Schlechter Schallschutz

Nicht in jedem Fall dürfen Mieter aus diesem Grund die Miete kürzen

onlineurteile.de - Das Bonner Mehrfamilienhaus war 2001/2002 gebaut worden. Bewohner des Hauses kürzten die Miete um zehn Prozent. Die Mieter beschwerten sich bei der Hauseigentümerin über mangelhafte Schalldämmung: Aus der darüber liegenden Wohnung "hörten sie jeden Schritt". Der Schallschutz entspreche dem üblichen Standard, erklärten die Vermieter, und forderten den Differenzbetrag zur vereinbarten Miete.

Das Landgericht wies ihre Klage unter Hinweis auf ein Gutachten ab: Ein Bausachverständiger habe den Trittschall in der betreffenden Wohnung gemessen.
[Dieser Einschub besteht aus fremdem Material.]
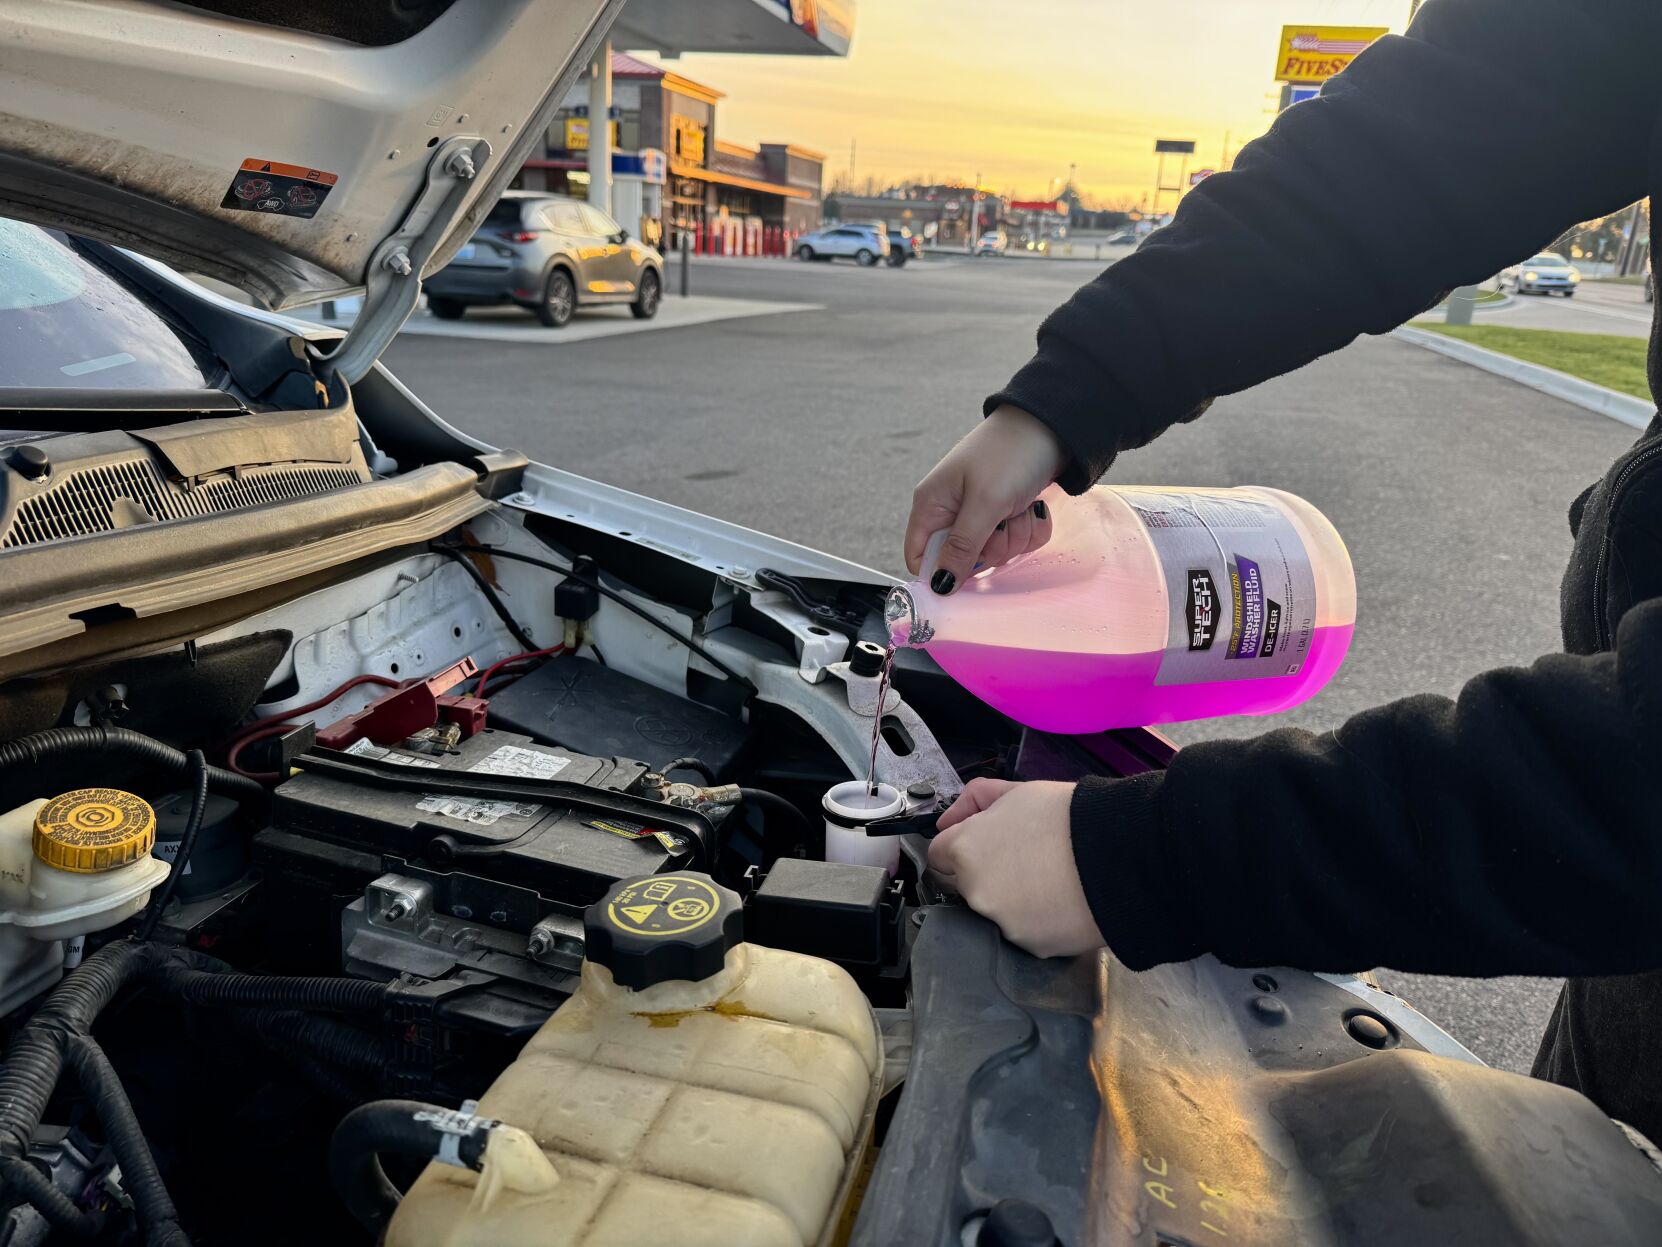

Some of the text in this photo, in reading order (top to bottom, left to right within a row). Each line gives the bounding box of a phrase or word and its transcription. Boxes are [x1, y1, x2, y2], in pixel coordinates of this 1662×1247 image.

Der Schallschutz erfülle gerade so eben die Anforderungen der DIN 4109 von 1989, entspreche aber keineswegs durchschnittlicher Qualität. Damit sei die Wohnung mangelhaft.

Der Bundesgerichtshof hob dieses Urteil auf und gab den Vermietern Recht (VIII ZR 85/09). Begründung: 2002 sei die Schallschutznorm DIN 4109 immer noch verbindlich gewesen. Mieter könnten nicht mehr erwarten, als dass die Vorschriften eingehalten würden, die während der Bauzeit gelten. Wenn im Mietvertrag, wie hier, zur Beschaffenheit der Wohnung nichts vereinbart sei, müsse die Wohnung nur den bei vergleichbaren Wohnungen üblichen Standard bieten.

Das Urteil des Landgerichts stütze sich auf eine Entscheidung des BGH, nach der die Norm DIN 4109 nicht mehr den anerkannten Regeln der Technik entspreche. Dabei sei es aber um Schallschutz in einer neu erbauten Doppelhaushälfte und um einen Bauvertrag gegangen. Das sei nicht auf das Mietrecht übertragbar. Bei einem Bauwerk müsse der Bauunternehmer bestimmte technische Normen einhalten. Im Mietverhältnis komme es in erster Linie auf die vertraglichen Regelungen zwischen den Parteien an.